FedEx reported their fiscal Q4 ’24 on Tuesday night, June 25th, 2024, after the closing bell, leading to a 15% rise in stock price the following day on heavy volume. The earnings release revealed plans for optimizing FedEx Freight operations, including the closure of 7 facilities to align capacity with demand, sparking interest in unlocking sustainable shareholder value.
Let’s delve into the key takeaways from the quarter.
A Steady Valuation Story:
Looking ahead over the next three years following earnings revisions:
- Fiscal ’27 EPS estimate: $26.89, with a 13% expected growth
- Fiscal ’26 EPS estimate: $23.86, anticipating a 15% growth
- Fiscal ’25 EPS estimate: $20.79, aiming for a 17% growth
- Fiscal ’27 PE: 11x
- Fiscal ’26 PE: 12x
- Fiscal ’25 PE: 14x
- Fiscal ’27 revenue estimate: $99.2 billion, expecting 6% growth
- Fiscal ’26 revenue estimate: $93.9 billion, forecasting 4% growth
- Fiscal ’25 revenue estimate: $89.97 billion, projecting 3% growth
Estimate source: LSEG.com (formerly IBES data by Refinitiv)
Despite the 15% stock price surge, the PE ratio remains favorable relative to anticipated EPS growth, with the price to sales ratio below 1.0x at 0.83x post the recent increase.
Free-cash-flow (FCF) has exhibited significant improvement over the last 4 quarters, surging by 45% TTM and 18% over the last 12 quarters.
Even with the spike in FCF during the pandemic, it now stands at $3.13 billion, supporting a 4% yield.
An analysis projecting peak EPS for FedEx reveals promising potential, with a focus on operational margin enhancement.
FedEx Freight Operations:
FedEx’s guidance indicates $5.2 billion in capex for fiscal ’25, aligning with the prior year. The potential spinoff of FedEx Freight could serve as an additional catalyst for stock growth.
Freight, accounting for 10% – 11% of total revenue, has seen improved margins, prompting considerations of its performance and potential divestiture.
Financial data on Freight operations reflects enhanced operating margin trends.
If Freight maintains its profitability, divestment could be a strategic move for FedEx.
Summary and Outlook:
Despite the recent market response, FedEx continues to demonstrate latent value potential, backed by operational efficiency and growth prospects.
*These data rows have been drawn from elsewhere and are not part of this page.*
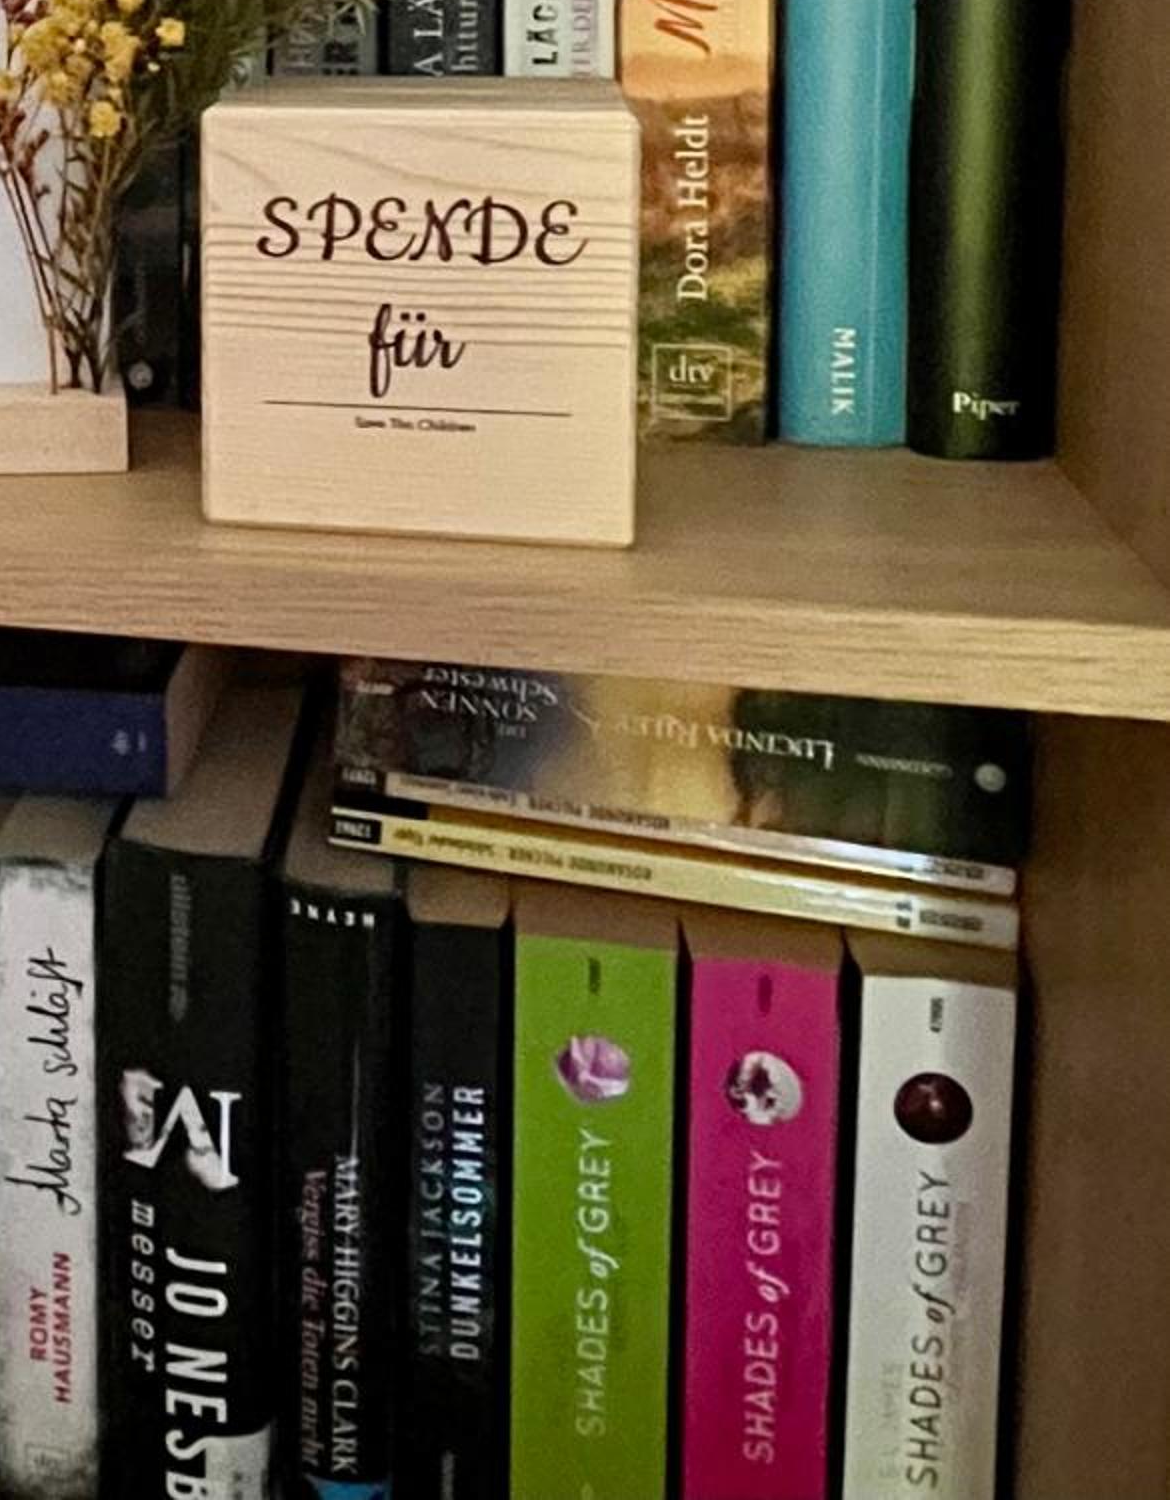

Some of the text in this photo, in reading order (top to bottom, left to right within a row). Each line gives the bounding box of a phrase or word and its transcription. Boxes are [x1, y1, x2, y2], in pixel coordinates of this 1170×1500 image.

[256, 192, 591, 268] SPENDE
[674, 114, 710, 302] Dora Heldt
[367, 302, 468, 400] für
[831, 326, 858, 417] MALIK
[952, 390, 1022, 422] Piper
[3, 945, 85, 1218] Marta schläft
[130, 1199, 156, 1374] messer
[163, 1247, 229, 1318] JO
[416, 1082, 448, 1357] STINA JACKSON
[448, 1084, 487, 1362] DUNKELSOMMER
[576, 1126, 621, 1439] SHADES of GREY
[29, 1286, 49, 1363] ROMY
[51, 1251, 75, 1405] HAUSMANN
[300, 1317, 327, 1391] Toten
[330, 1154, 361, 1475] MARY HIGGINS CLARK
[742, 1150, 791, 1466] SHADES of GREY
[907, 1170, 958, 1490] SHADES of GREY
Forecasts hint at ongoing margin improvements and revenue upticks, underlining a path towards increased shareholder value.
Expectations of higher revenue growth, enhanced EPS, and improved free-cash-flow signal future promise for FedEx.
Anticipate a more streamlined and profitable FedEx post-restructuring efforts, aimed at bolstering market performance.